Beginner

Introduction to Azure OpenAI Infrastructure

Understand the architecture, available models, and enterprise capabilities of Azure OpenAI Service — Microsoft's managed platform for deploying OpenAI foundation models.

What is Azure OpenAI Service?

Azure OpenAI Service provides enterprise-grade access to OpenAI's models (GPT-4, GPT-4o, DALL-E, Whisper) with Azure's security, compliance, and networking capabilities. Unlike using OpenAI directly, Azure OpenAI gives you data residency, private networking, and integration with Azure's identity and monitoring ecosystem.

Available Model Families

ModelCapabilitiesBest For
GPT-4o / GPT-4o miniText, vision, audioGeneral-purpose, multimodal applications
GPT-4Text generation, reasoningComplex reasoning, code generation
GPT-3.5 TurboFast text generationHigh-volume, cost-sensitive workloads
EmbeddingsText embeddingsSearch, RAG, classification
DALL-E 3Image generationCreative content, design
WhisperSpeech to textTranscription, voice interfaces
💡
Good to know: Azure OpenAI Service processes your data within the Azure region you deploy to.
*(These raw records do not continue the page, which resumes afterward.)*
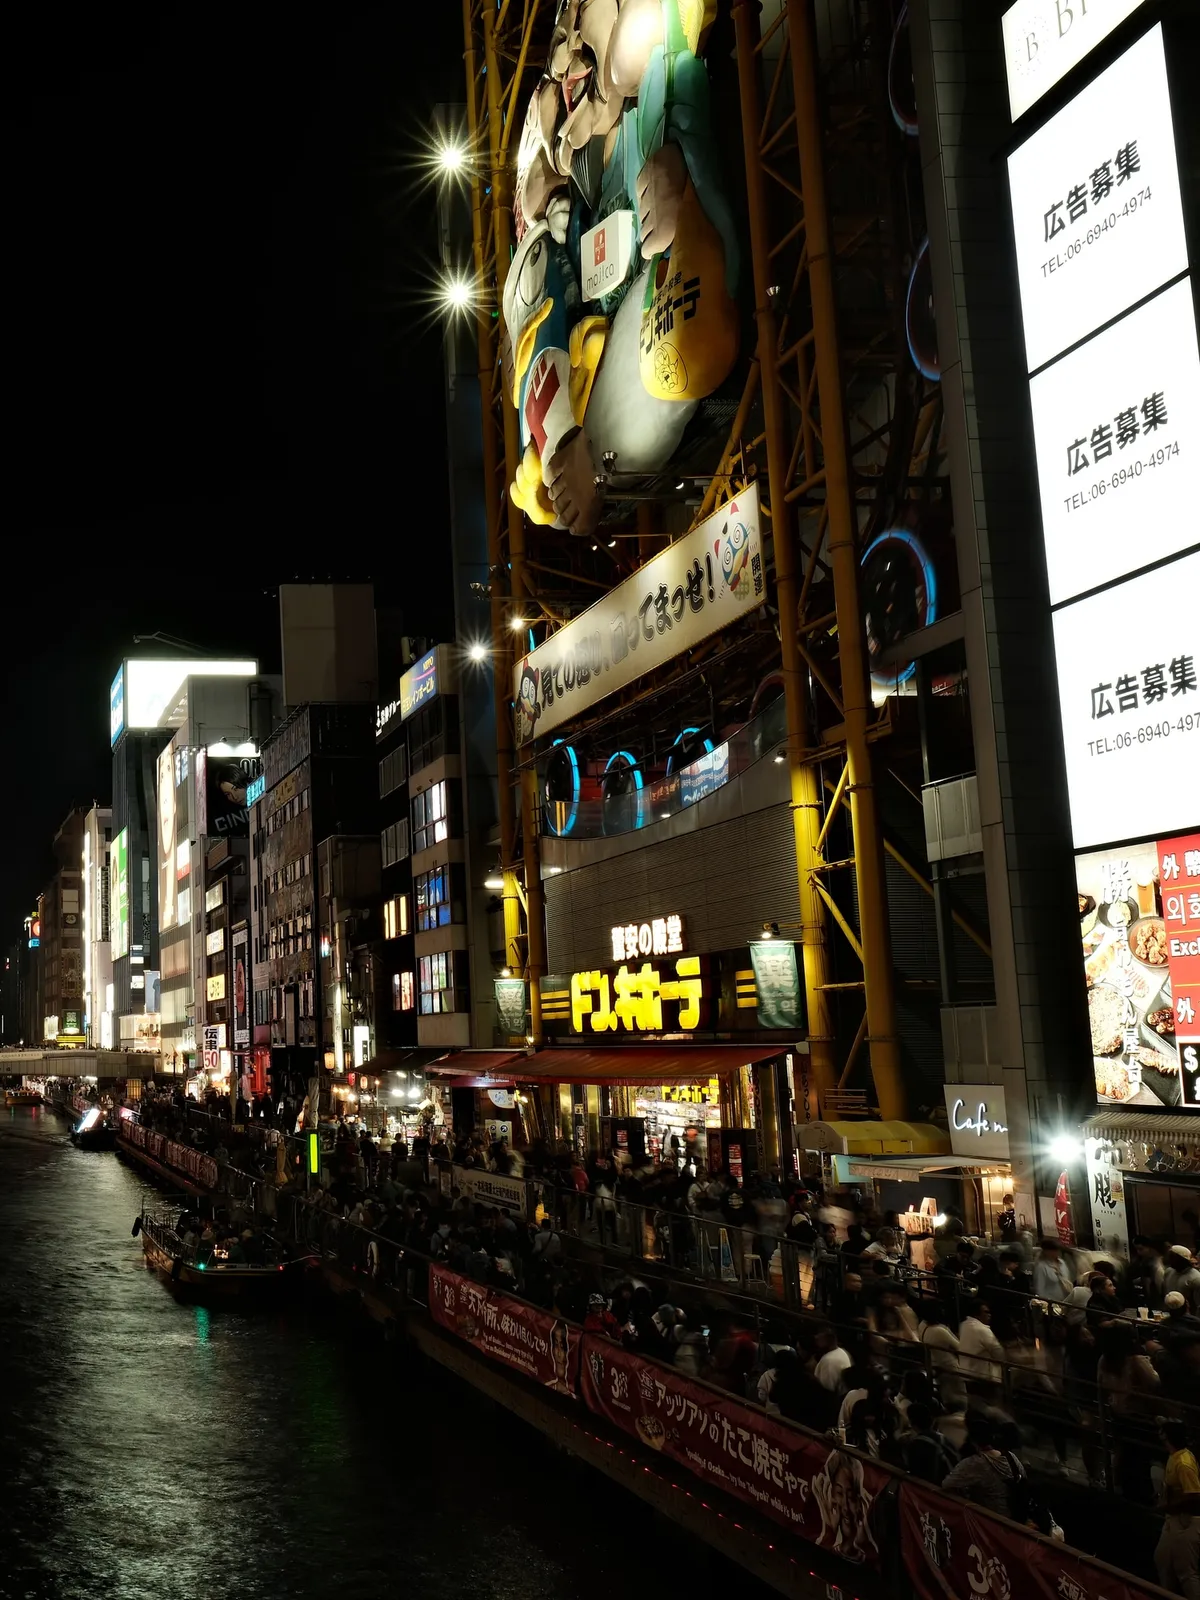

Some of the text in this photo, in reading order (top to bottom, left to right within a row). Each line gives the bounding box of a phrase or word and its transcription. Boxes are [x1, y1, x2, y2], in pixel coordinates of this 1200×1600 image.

[1042, 139, 1141, 243] 広告募集
[1041, 186, 1152, 278] TEL:06-6940-4974
[1066, 391, 1169, 477] 広告募集
[1064, 441, 1180, 513] TEL:06-6940-4974
[1090, 654, 1197, 720] 広告募集
[204, 1051, 218, 1068] 50
[952, 1098, 991, 1137] Cafe
Your prompts and completions are not sent to OpenAI, not used to train models, and are subject to Azure's enterprise compliance certifications.

Architecture Overview

💻

Resource & Deployments

An Azure OpenAI resource contains one or more model deployments, each with its own quota and configuration.

Quotas & Limits

Tokens-per-minute (TPM) and requests-per-minute (RPM) quotas are allocated per deployment per region.

🔒

Content Safety

Built-in content filtering for harmful content detection, with configurable severity thresholds.

🔄

API Compatibility

Compatible with the OpenAI Python SDK, making migration from OpenAI to Azure OpenAI straightforward.

Key takeaway: Azure OpenAI Service is the enterprise path to production LLM deployments. It provides the same OpenAI models with Azure's security, compliance, and networking features. The key infrastructure decisions you'll make are around deployment topology, quota management, pricing model (PTU vs PayGo), and network architecture.